### Assigned task
Your answer must be the records below, given again exactly, with no pictures in it.

[Annotated photo localization data]
-- Opening Marker --
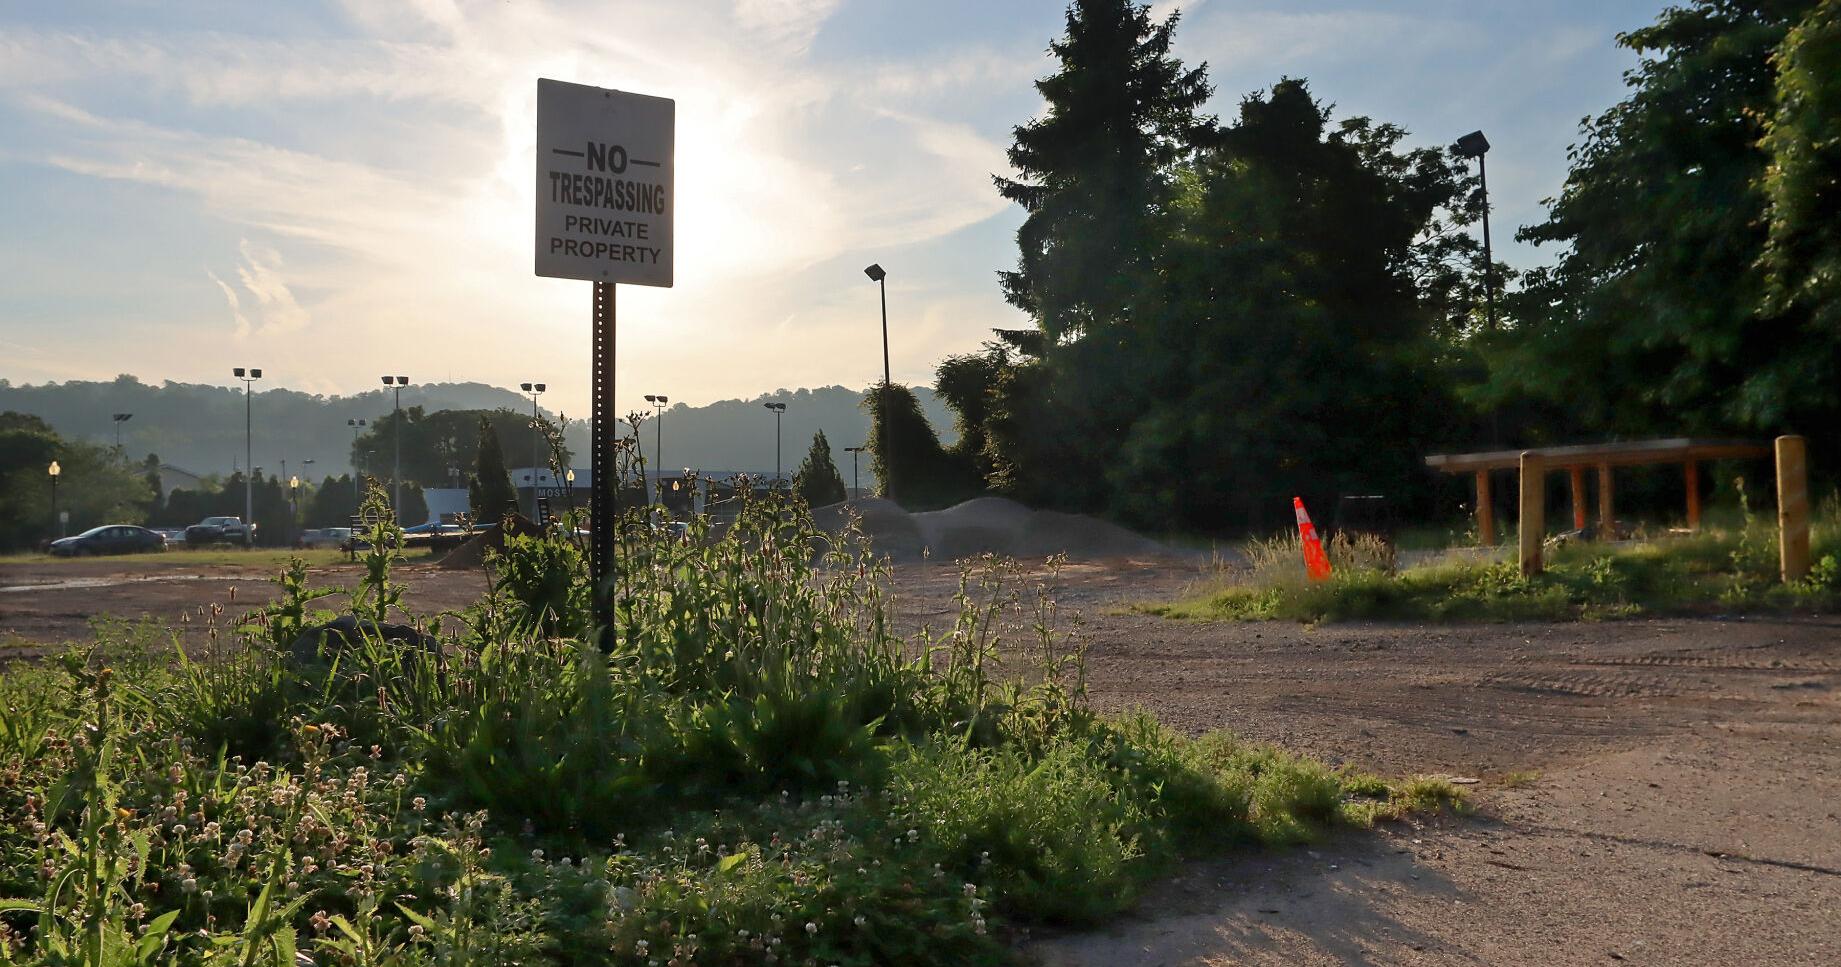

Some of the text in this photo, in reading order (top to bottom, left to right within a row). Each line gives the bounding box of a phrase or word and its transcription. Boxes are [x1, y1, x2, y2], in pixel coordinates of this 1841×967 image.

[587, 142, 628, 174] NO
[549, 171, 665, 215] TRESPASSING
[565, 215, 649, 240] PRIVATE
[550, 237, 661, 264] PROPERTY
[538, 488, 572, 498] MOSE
-- Closing Marker --
### Response for this exercise
Some of the text in this photo, in reading order (top to bottom, left to right within a row). Each line gives the bounding box of a phrase or word and its transcription. Boxes are [x1, y1, x2, y2], in pixel coordinates of this 1841×967 image.

[587, 142, 628, 174] NO
[549, 171, 665, 215] TRESPASSING
[565, 215, 649, 240] PRIVATE
[550, 237, 661, 264] PROPERTY
[538, 488, 572, 498] MOSE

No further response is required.